From the get-go, Morissette’s vision has been about following ancient winemaking techniques and sustainable practices.
“All winemaking comes from peasantry, and to be a peasant is to be in touch with what’s around you, to be as close as possible to the grapes in the field,” he said. “Our wines are different because every single one carries this liveliness, this spirit. That is why we drink wine, right? Otherwise, we’d just drink grape juice.”
While he believes in minimal intervention, he has limits. “It still takes some intervention to make good wine. If you leave it entirely on its own, you’re going to make vinegar,” he said. “You do need to understand how microbial life works and to be observant to what’s around you.”
One of the first vignerons in North America to use concrete eggs for fermentation, he also uses Qvevri, terracotta clay vessels first used in the Republic of Georgia thousands of years ago. Morissette has co-fermented Gewurztraminer and Riesling in Qvevri for six months, with excellent results.
Morissette has a collection of 30-some old foudres from Alsace; massive wooden vats that hold thousands of litres, some of which are as many as 80 years old. “They are like casseroles. If you cook the exact same food in different pots and pans, you’ll have slightly different results, but they aren’t going to make the food,” he said.
That’s what it’s like using the foudres. They are too old to impart much, if any, oak, into the wines anymore, but they are an important tool for what Morissette wants to achieve. “They don’t make the wine,” he said. “But they help me focus my vision.”
Within the first vintage, the team had the attention of sommeliers, media and wine lovers across Canada for their complex and unusual wines.
“His wines are both idiosyncratic and remarkable,” wrote wine critic Eric Asimov in The New York Times in 2018. “His Chardonnays tend to be rich rather than lean, while the Cabernet Francs are pure, structured and lovely.
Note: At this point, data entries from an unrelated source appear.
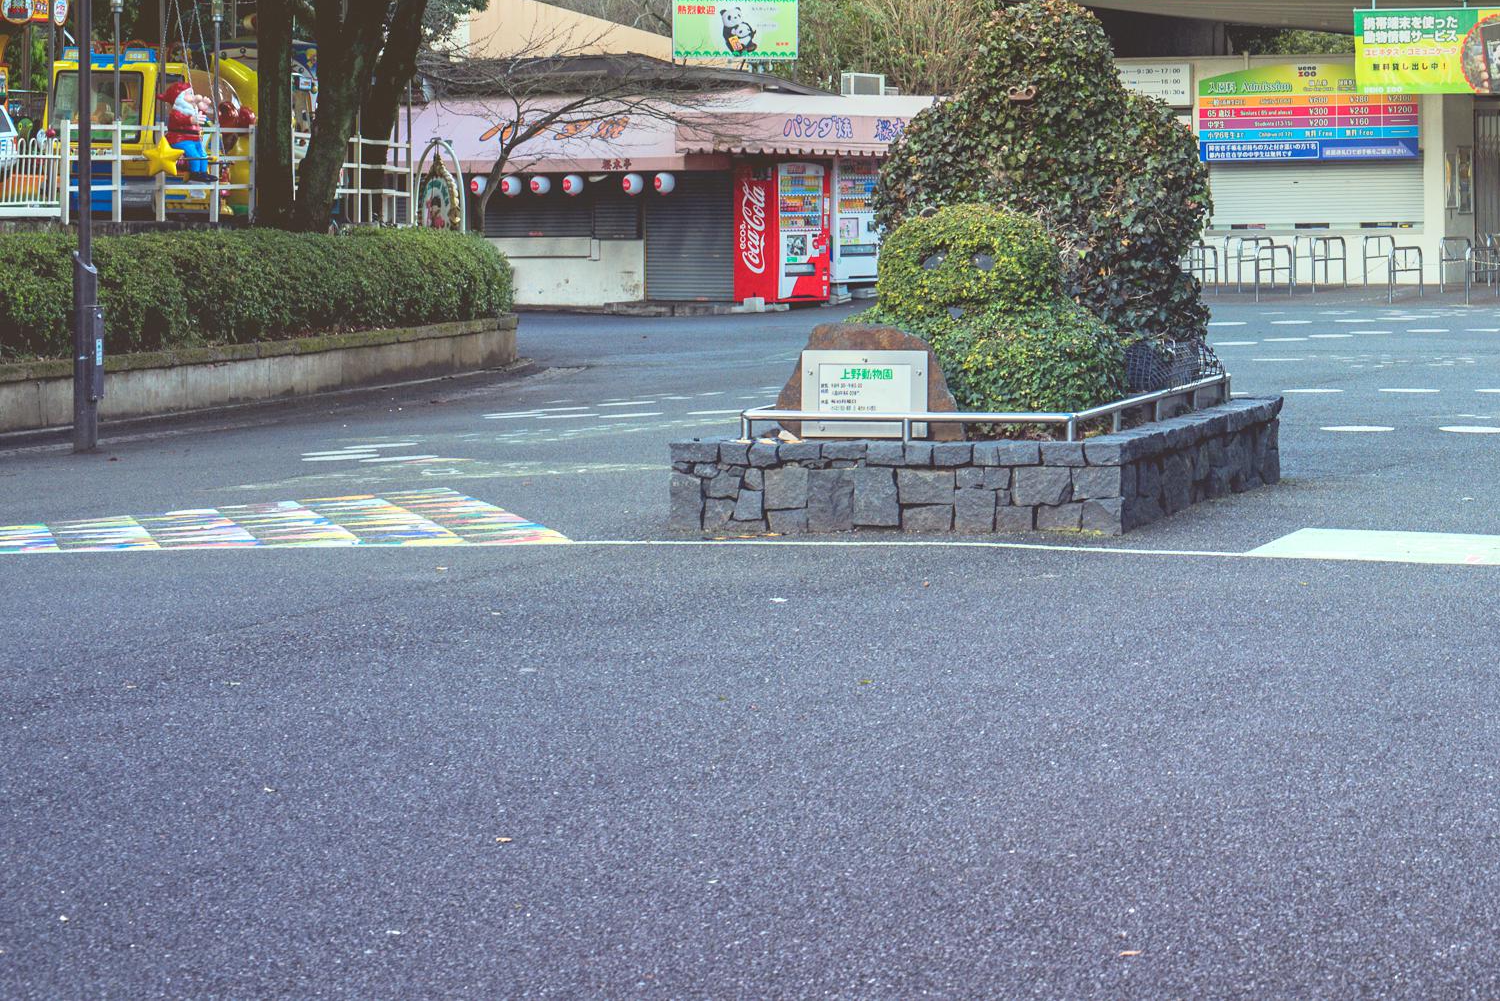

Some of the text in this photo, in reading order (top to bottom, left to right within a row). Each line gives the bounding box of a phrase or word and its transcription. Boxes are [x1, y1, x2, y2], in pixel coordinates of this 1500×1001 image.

[1363, 30, 1459, 44] 動物情報サービス
[1241, 80, 1293, 93] Admission
[1308, 107, 1329, 115] ¥300
[1350, 106, 1369, 114] ¥240
[1388, 104, 1413, 113] ¥1200
[1308, 118, 1329, 126] ¥200
[1350, 117, 1369, 125] ¥160
[783, 114, 853, 139] パンダ焼
[742, 181, 766, 274] Coca-Cola
[840, 368, 893, 380] 上野動物園
His Rieslings are bone dry and age-worthy.”
All praise aside, Morissette is quick to clarify that he doesn’t have a favourite blend or varietal. “I always compare it to my kids. What kid do I prefer? I can’t say,” he said. “But some of the vintages I am most proud of are the ones that are most difficult to make.”
Take 2021, for instance. The extremely challenging vintage was marked by a harsher-than-usual winter, even by Canadian standards, with atypical temperature swings, heavy rain and unseasonable heat.
In response, the Pearl Morissette 2021 Chamboule Pinot Noir was fermented whole cluster in concrete and foudre, and the Oxyde Riesling entered the press as whole bunches. Relying on indigenous yeast, it fermented in concrete and foudres without temperature control or sulpher, and was then bottled unfiltered and unfined.
“I stuck to my narrative: very low intervention, only sulphur, and as little as possible,” Morissette said. “I was taking a huge amount of risk. It felt like I had a gun to my head, but it worked out.
“They maybe aren’t the most complex and ageable wines, but they took everything out of me. I discovered abilities I didn’t know I had, and I was lucky: It worked out.”